They sell empanada shells already sized and shaped in most Spanish Markets. It's not quote as good as homemade, but it's texture is better in my opinion than pie dough. I'd definitely do the pie dough in a pinch, but if you have a Spanish market near you, might be work popping by and checking out their freezer section.
In Argentina if the filling (we call it carbonada, and no, it's not related at all whit the italian carbonara) is too moist some of us add a tea spoon or two of korn starch. You should try it, it gives it a creami texture. By the way, it's ok to bake them insted of fring it, actually we serve them both ways.
Or you just deal with it and call them open-legs empanadas ("empanadas de patas abiertas"), because if you keep your legs together whilst eating them, you're gonna stain your pants with the sauce
Not likely. The lower side of the dough will get soggy and fall apart. I would try to assemble all of the separate ingredients, then assemble right before serving? 👍
I often make empanadas in big batches.

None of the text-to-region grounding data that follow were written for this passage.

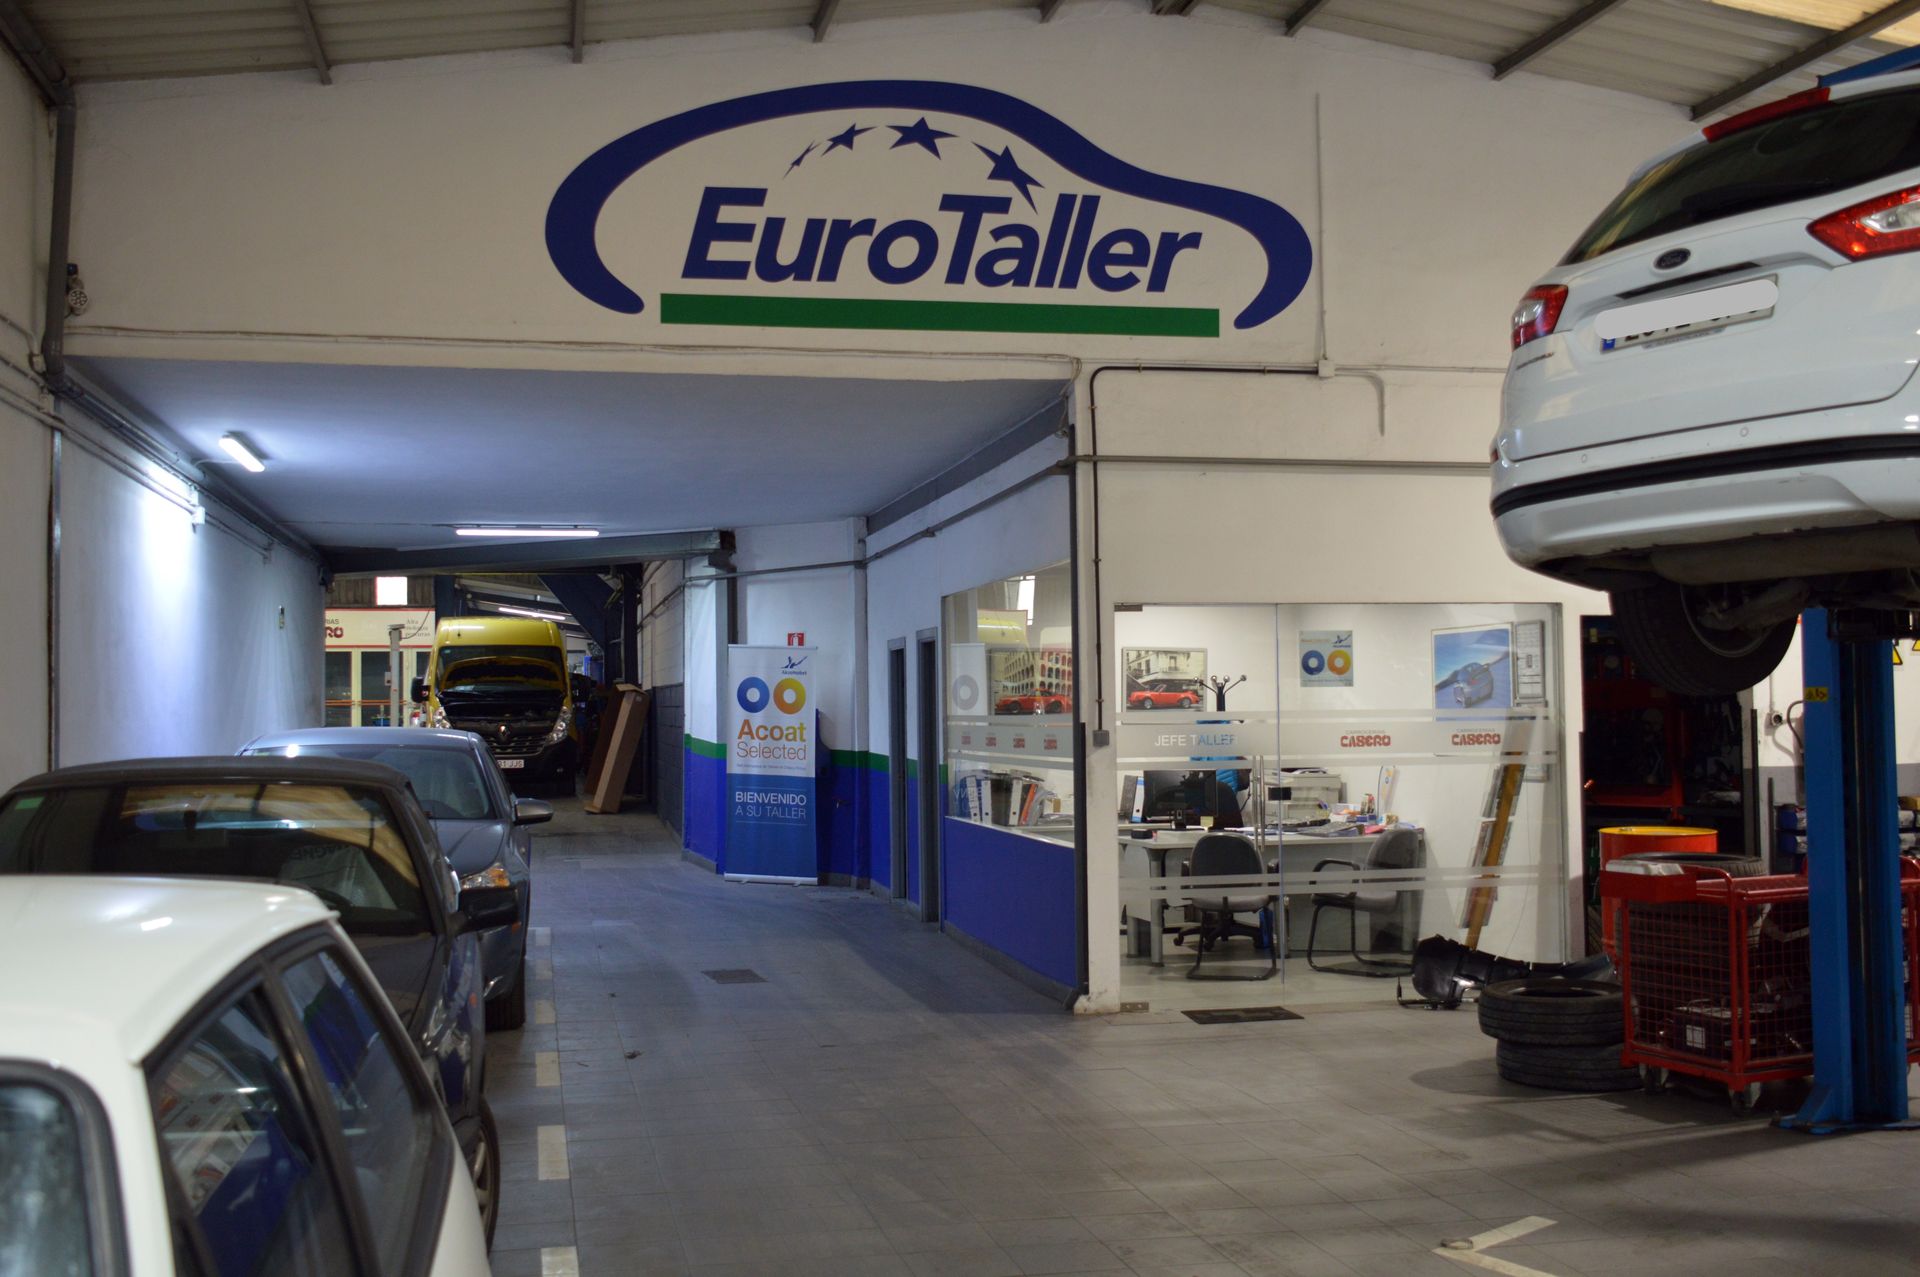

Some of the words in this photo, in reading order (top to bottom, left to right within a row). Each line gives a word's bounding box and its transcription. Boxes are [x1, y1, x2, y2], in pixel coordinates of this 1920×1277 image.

[681, 186, 1202, 292] EuroTaller
[737, 719, 807, 742] Acoat
[1154, 734, 1187, 746] JEFE
[1189, 734, 1239, 746] TALLER
[737, 741, 807, 760] Selected
[735, 792, 807, 806] BIENVENIDO
[735, 805, 744, 816] A
[746, 805, 762, 817] SU
[766, 806, 807, 819] TALLER

I do all the step except baking and then I freeze them individually (you can wrap each in plastic wrap or put them all on a tray to freeze if you have space). Then, I pull them out of the freezer just to bake - I do not thaw them as it will impact the integrity of the dough. They go from freezer to oven and are delicious!
This guy likes spice!! I keep trying to see how I can revamp it with flavor and not so spicy, but I just can't. Looks fantastic for those who like spice!! Enjoy!!
If you want a variation, here in the Philippines there's a version in the northern regions that use spiced meat and eggs instead, maybe some pickled vegetables as well. They're wrapped in neon orange dough, but I don't know what it's made from. Might be flour.
@@eveakane6563 oh I'm just saying the dough might just be dyed and just be regular wheat flour, could be anatto maybe? That's used to dye cheese as well
When i make steam buns i found that a good way to remove air pockets is to make a little hole or before totally sealing them, squeeze them in your cupped hands to press and shape them and push all the air out. Might work on these.
Make "salpicón." It's a Mexican dish. Basically a pulled/shredded beef salad with a vinaigrette. Usually eaten on tostadas and with bottled hot sauces.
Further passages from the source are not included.